— Exercise requirements —
Exact transcription of the following records is needed, with every picture dropped.

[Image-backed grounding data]
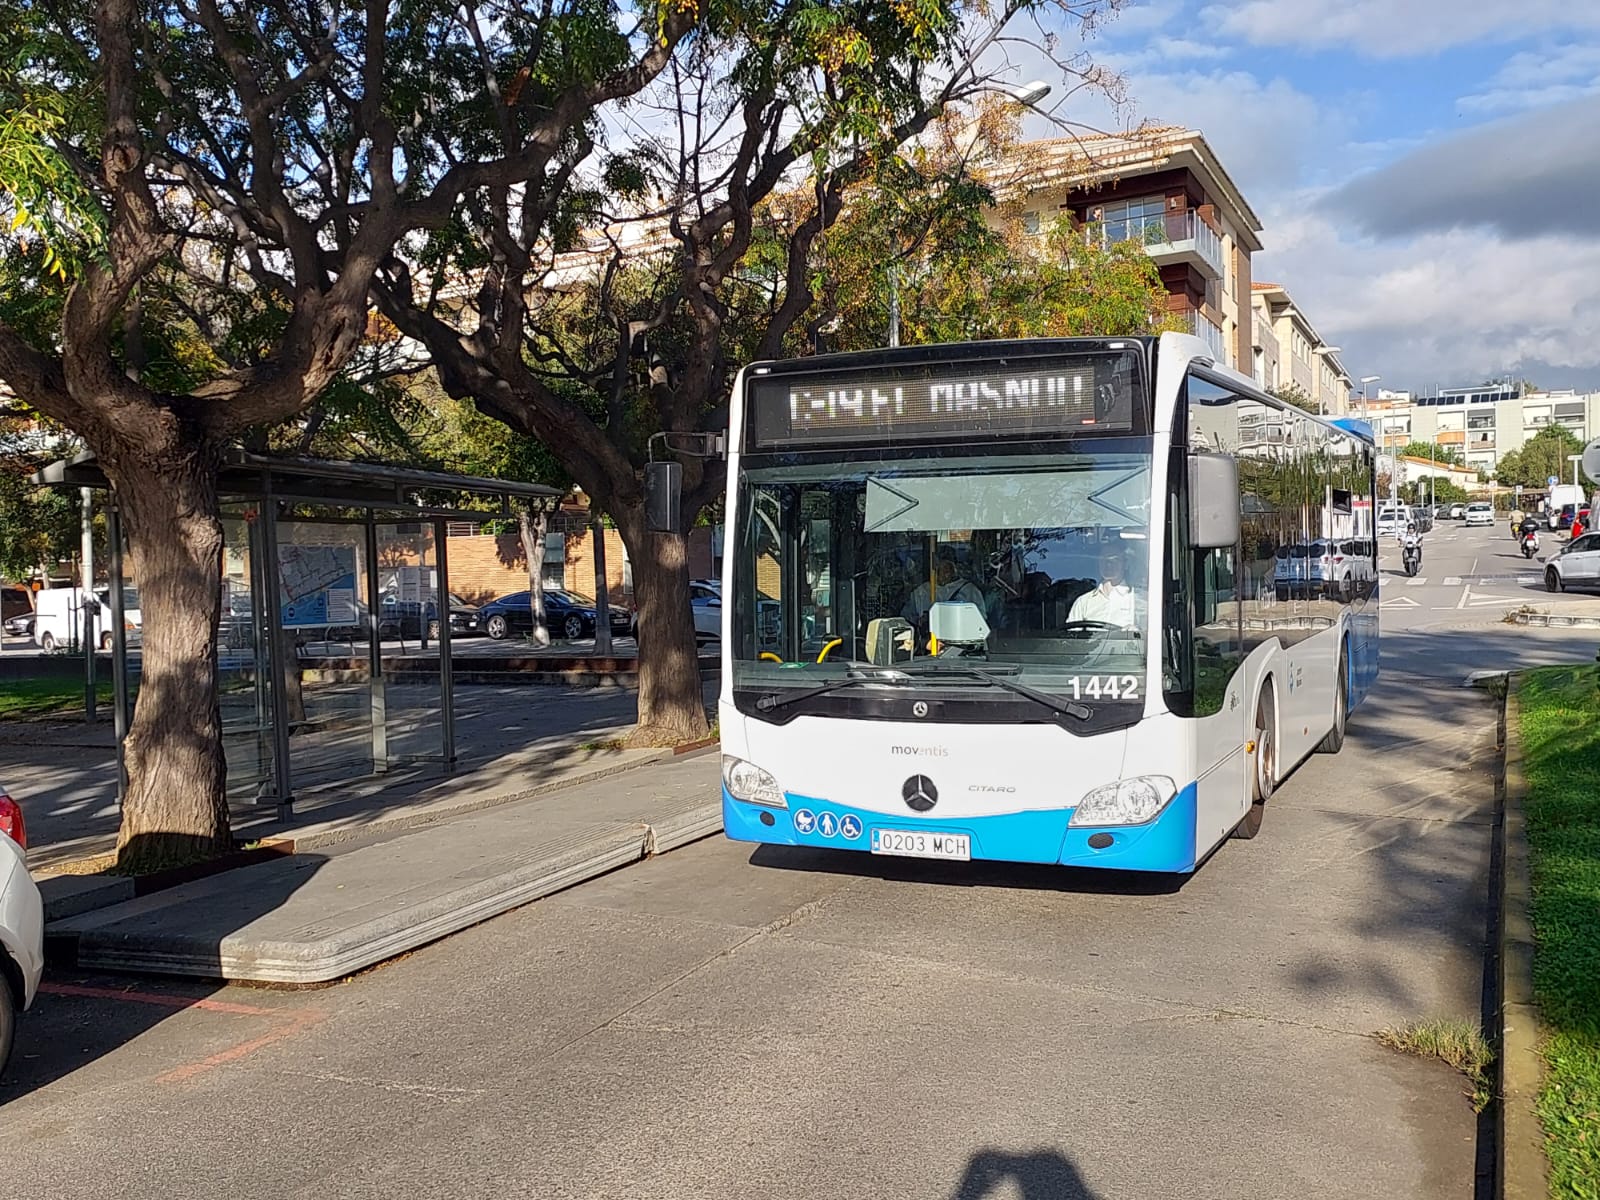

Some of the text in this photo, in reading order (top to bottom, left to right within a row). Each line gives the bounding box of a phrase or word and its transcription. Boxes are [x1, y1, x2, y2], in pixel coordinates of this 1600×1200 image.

[1068, 675, 1139, 700] 1442
[891, 744, 950, 757] moventis
[967, 784, 1017, 794] CITARO
[882, 833, 926, 853] 0203
[932, 837, 967, 856] MCH
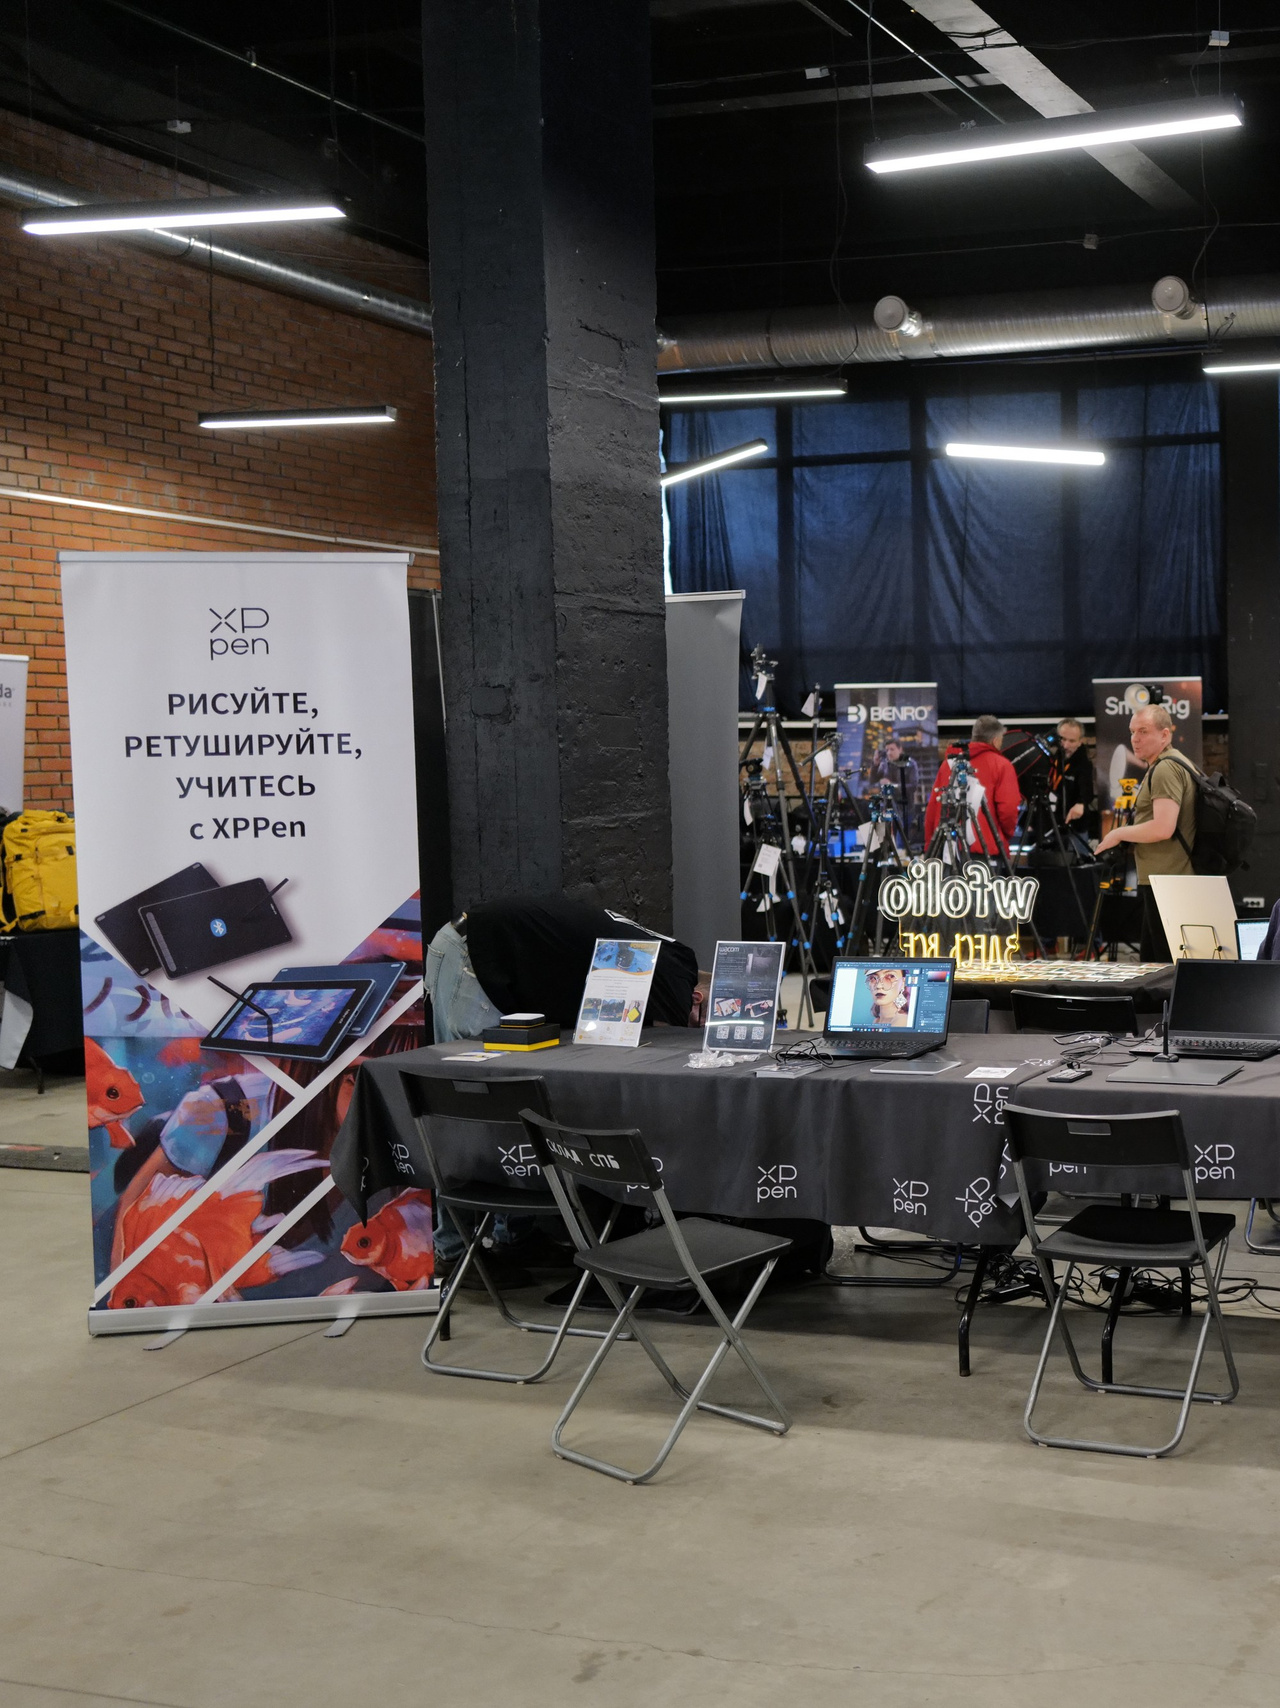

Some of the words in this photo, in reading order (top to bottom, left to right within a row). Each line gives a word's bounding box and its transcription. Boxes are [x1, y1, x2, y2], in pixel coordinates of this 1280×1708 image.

[209, 608, 269, 633] XP
[210, 638, 269, 660] pen
[167, 687, 318, 719] РИСУЙТЕ,
[870, 705, 928, 722] BENRO
[1105, 695, 1190, 719] SmRig
[125, 728, 362, 760] РЕТУШИРУЙТЕ,
[176, 775, 316, 799] УЧИТЕСЬ
[212, 817, 306, 839] XPPen
[546, 1138, 583, 1166] СКЛАД
[590, 1153, 620, 1169] СПБ
[1194, 1144, 1235, 1164] XP
[757, 1165, 797, 1184] XP
[1194, 1165, 1235, 1184] pen
[757, 1185, 797, 1203] pen
[893, 1177, 929, 1199] XP
[893, 1198, 926, 1216] pen

— Task response —
Some of the text in this photo, in reading order (top to bottom, left to right within a row). Each line gives the bounding box of a phrase or word and its transcription. Boxes are [x1, y1, x2, y2], in pixel coordinates of this 1600×1200 image.

[1068, 675, 1139, 700] 1442
[891, 744, 950, 757] moventis
[967, 784, 1017, 794] CITARO
[882, 833, 926, 853] 0203
[932, 837, 967, 856] MCH

Some of the words in this photo, in reading order (top to bottom, left to right within a row). Each line gives a word's bounding box and its transcription. Boxes are [x1, y1, x2, y2], in pixel coordinates of this 1280×1708 image.

[209, 608, 269, 633] XP
[210, 638, 269, 660] pen
[167, 687, 318, 719] РИСУЙТЕ,
[870, 705, 928, 722] BENRO
[1105, 695, 1190, 719] SmRig
[125, 728, 362, 760] РЕТУШИРУЙТЕ,
[176, 775, 316, 799] УЧИТЕСЬ
[212, 817, 306, 839] XPPen
[546, 1138, 583, 1166] СКЛАД
[590, 1153, 620, 1169] СПБ
[1194, 1144, 1235, 1164] XP
[757, 1165, 797, 1184] XP
[1194, 1165, 1235, 1184] pen
[757, 1185, 797, 1203] pen
[893, 1177, 929, 1199] XP
[893, 1198, 926, 1216] pen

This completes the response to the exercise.